The City’s Compliance Officer(s) shall be responsible for the enforcement of this title and is hereby authorized to make such investigations, to issue notices, orders and directions as are necessary for the enforcement of the provisions of this title.
(Ord. 1066; Code 2021)
Whenever the City’s Compliance officer determines that there has been a violation of any provisions of this article, he shall give notice of such alleged violation to the person or persons responsible therefor, as hereinafter provided. The City’s Compliance officer shall only be required to give notice to the responsible person or persons once each calendar year for a same or similar violation of any provisions of this title, with no written notice of violation being required to be given by said Compliance officer for a repeat violation of the same or similar type within the same calendar year. Such notices shall:
(a) Be in writing;
(b) Particularize the violations alleged to exist or to have been committed;
(c) Include a description of the real estate sufficient for identification;
(d) Provide a reasonable time for correction of the violation particularized;
(e) Be addressed to and served upon the owner and/or occupant of the premises.
(f) Notice requiring the removal of abandoned junk or dismantled vehicles from private property is to be made to the landowner or person in lawful possession upon which such vehicle is located, and the registered owner of any vehicle which is in violation of this title advising that the motor vehicle violates provisions of this title and directing that the vehicle be moved to a place of lawful storage within ten days or that within ten days the said vehicle be housed within a building.
In the event of a subsequent violation on the same private property, whether involving the same abandoned, junk, inoperable, or dismantled vehicle or one or more other similarly abandoned, junk, or dismantled vehicle(s) is located within any calendar year, and a prosecution for the violation of this section and of this title may proceed forthwith without further notice to the landowner or person in lawful possession of the private property upon which such vehicle is located, and the registered owner of any vehicle which is in violation of this title.
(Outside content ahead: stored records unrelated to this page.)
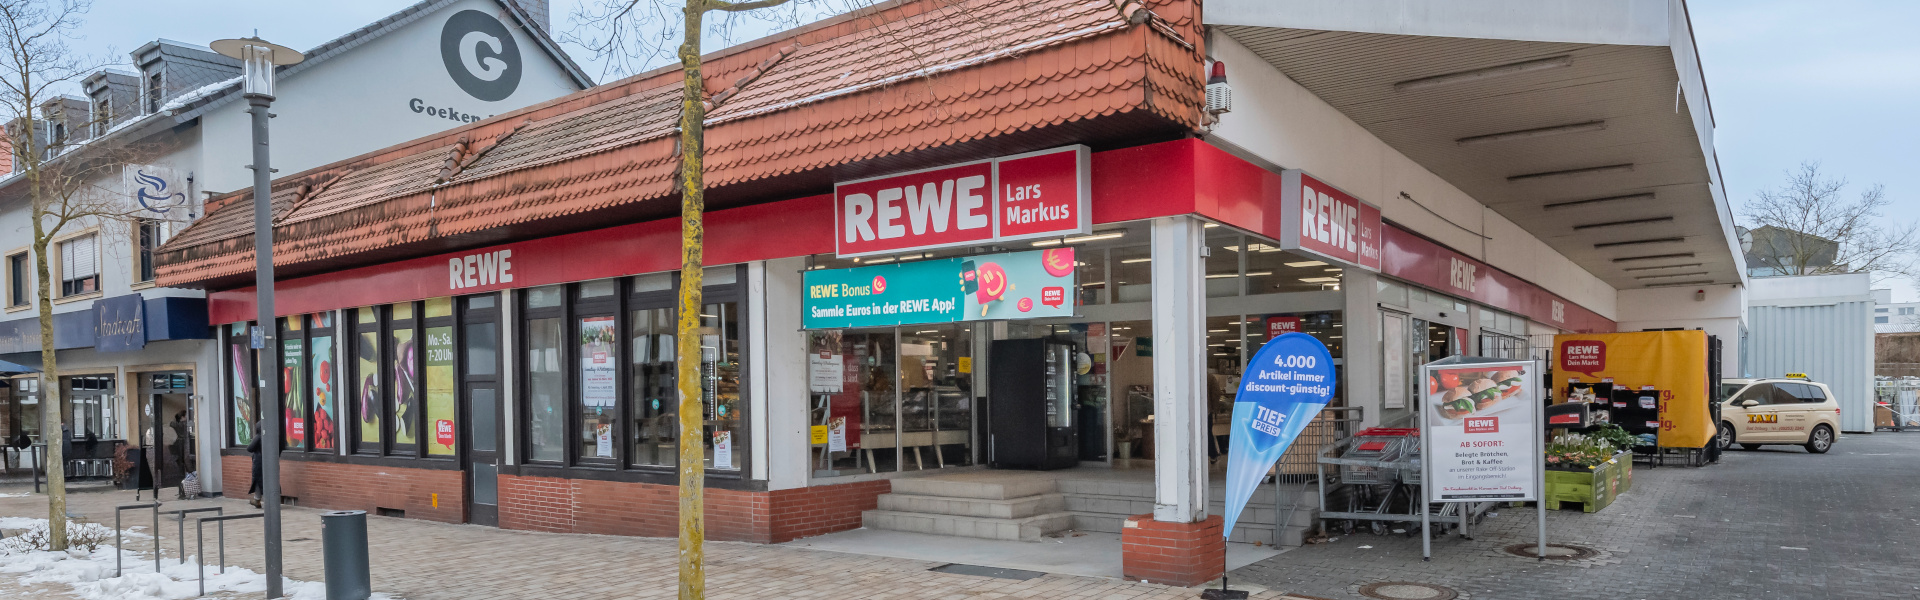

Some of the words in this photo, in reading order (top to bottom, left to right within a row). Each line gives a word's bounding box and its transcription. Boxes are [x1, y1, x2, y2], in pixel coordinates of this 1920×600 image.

[458, 31, 508, 81] G
[409, 98, 480, 123] Goeken
[1006, 183, 1042, 202] Lars
[844, 174, 988, 243] REWE
[1006, 202, 1070, 226] Markus
[1302, 185, 1356, 253] REWE
[1362, 222, 1372, 239] Lars
[1362, 240, 1378, 260] Markus
[449, 249, 513, 290] REWE
[1450, 256, 1476, 293] REWE
[810, 284, 838, 298] REWE
[842, 284, 870, 298] Bonus
[812, 305, 844, 318] Sammle
[846, 304, 870, 316] Euros
[872, 303, 881, 315] in
[883, 302, 898, 314] der
[900, 299, 929, 313] REWE
[932, 297, 955, 314] App!
[1552, 300, 1564, 324] REWE
[428, 349, 443, 361] 7-20
[1568, 346, 1599, 354] REWE
[1274, 355, 1316, 368] 4.000
[1259, 370, 1291, 380] Artikel
[1294, 371, 1325, 382] immer
[1246, 382, 1330, 397] discount-günstig!
[1257, 405, 1286, 426] TIEF
[1747, 414, 1778, 423] TAXI
[1255, 422, 1277, 435] PREIS
An attempt to serve written notice upon the registered owner at the last known address of record of the Department of Motor Vehicles is to be made as well as an attempt to serve written notice upon the landowner and/or occupant of record upon which such vehicle is located, provided that copies of such notice shall be conspicuously posted upon the premises.
(Ord. 1066; Code 2021)
Such notice shall be deemed properly served upon such owner, operator, or occupant, if a copy thereof is served upon him or her personally or if a copy thereof is sent by certified mail to his or her last known address. If notice is returned showing that the letter was not delivered, a copy thereof shall be posted in a conspicuous place in or about the property affected by such notice and may be published once in the official City newspaper.
(Ord. 1066; Code 2021)
It is unlawful for any person to maintain or to permit to exist any nuisance as herein described. It shall be the responsibility of the owner, tenant, occupant or person in charge of any property on which there exists any nuisance as herein described to abate the same when given notice of its existence and a failure to do so shall constitute a violation of this title. The following conditions or materials are declared to be injurious to the health and well being of citizens of the City of Park City and are hereby declared to be nuisances.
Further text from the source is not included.